I would say that at first our grocery expense was approximately equal to what it was in California (San Francisco Bay Area) but we've modified our diets, and have cut out a nearly all red meats. Also, our electricity bill is probably 80% what it was in California, but over there I had a 1,400 sqft house, while over here we have something more like 950 sqft. I think that gasoline in our area is about 50.00 Pesos to the liter , which I think would put it about on par with prices in Northern California. Of course we don't have a daily commute, so I don't spend nearly as much on gas as I did before. 

I think that if you try to maintain your old American life style here (diet) it can be quite expensive. I find that I spend a lot more time around the house, fixing things, only go out once or twice a week, and don't eat out in restaurants that often. My experience has been that the expenses can really rack up, when you're living here permanently, as opposed to when you're just visiting. However, as a wise man once said, your mileage may vary.

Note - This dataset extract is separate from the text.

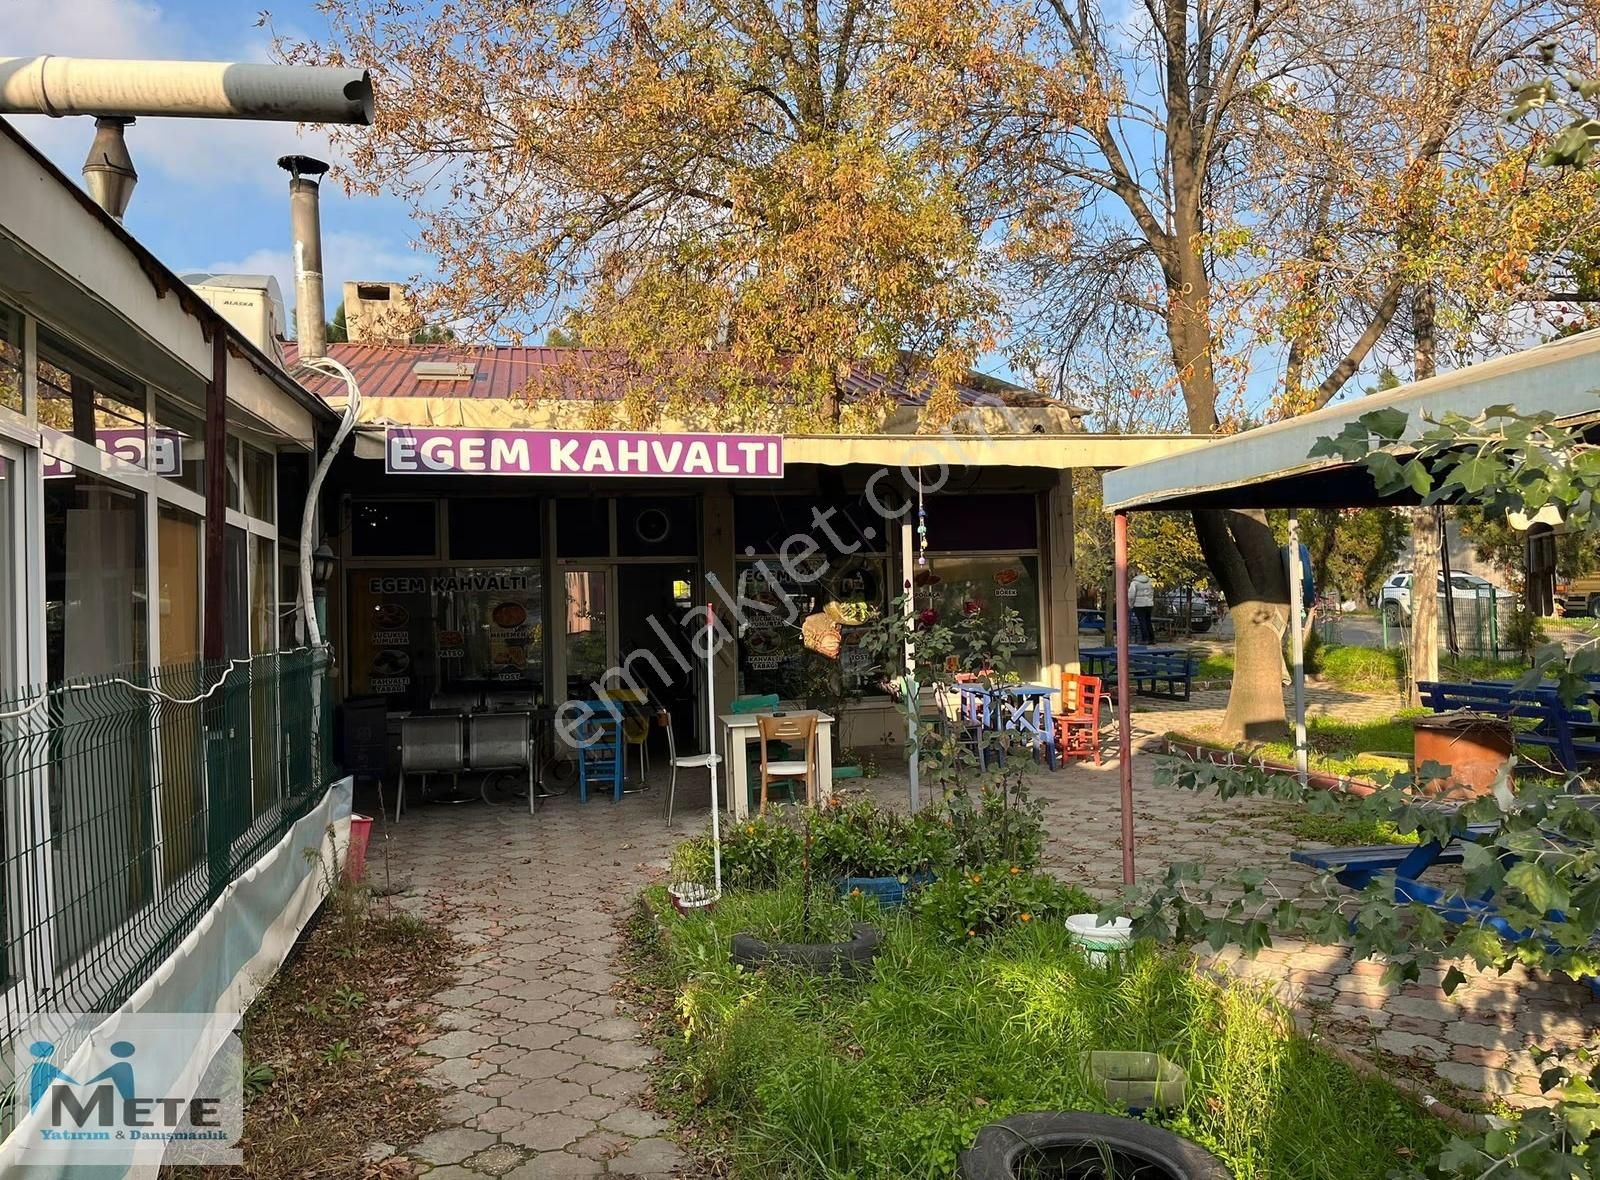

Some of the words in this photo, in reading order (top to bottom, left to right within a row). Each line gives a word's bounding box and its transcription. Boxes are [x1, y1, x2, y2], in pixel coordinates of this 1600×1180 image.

[390, 436, 531, 472] EGEM
[550, 438, 778, 474] KAHVALTI
[370, 579, 425, 591] EGEM
[433, 577, 528, 590] KAHVALTI

I agree with the above comments, sitting on the 101, 405, or 5 is no way to spend your time on this Earth. Almost anything is better than that.


----------



## jon1 (Mar 18, 2012)

I too have had to adjust, because if I lived like I was in the US it would definitely be more expensive. Like Maxx, I have modified my diet and reduced red meat to only occasionally with more chicken and fish 90% of the time. Electricity is definitely costlier here and I have taken measures to get my bill down (LED lights, new appliances, cross airflow of house, gas stoves, less A/C). Gas is at 55p/L ($4.78/G) so it is on par with the US. I use diesel for my main transport 43p/L ($3.74/G) which helps on some cost and one tank of LPG per month (795p/20Kg). Usually my electric bill has been averaging 5500p/mo using around 500kw. That is using one A/C unit in the bedroom mostly at night.


----------



## Nickleback99 (Aug 6, 2011)

All of what you all outline makes me feel better about expenses, as I paid about $200 or more per month in Va Beach in peak hot or cold seasons, and That with two zone controls and a geo thermal heat pump. Pay only about 60-70 per mo here in WA, but we dont need A/C at all, so go figure. Fuel sounds reasonable if I have a vehicle at all...for sure if Subic. My diet already mirrored The fish, chick and veggies (and beans) anyway. Even wine from Australia seemed reasonable when I was there. Ill pay cash for house ( or lease right Subic) so things are looking good!


----------



## Nile566 (May 2, 2014)

jon1 said:


> Nile,
> 
> Check out this calculator Cost of Living Comparison Between Manila, Philippines And Los Angeles, CA, United States
> 
> ...


Thanks for the numbeo website. Awesome comparisson info found there. Been crusing thru it several days. 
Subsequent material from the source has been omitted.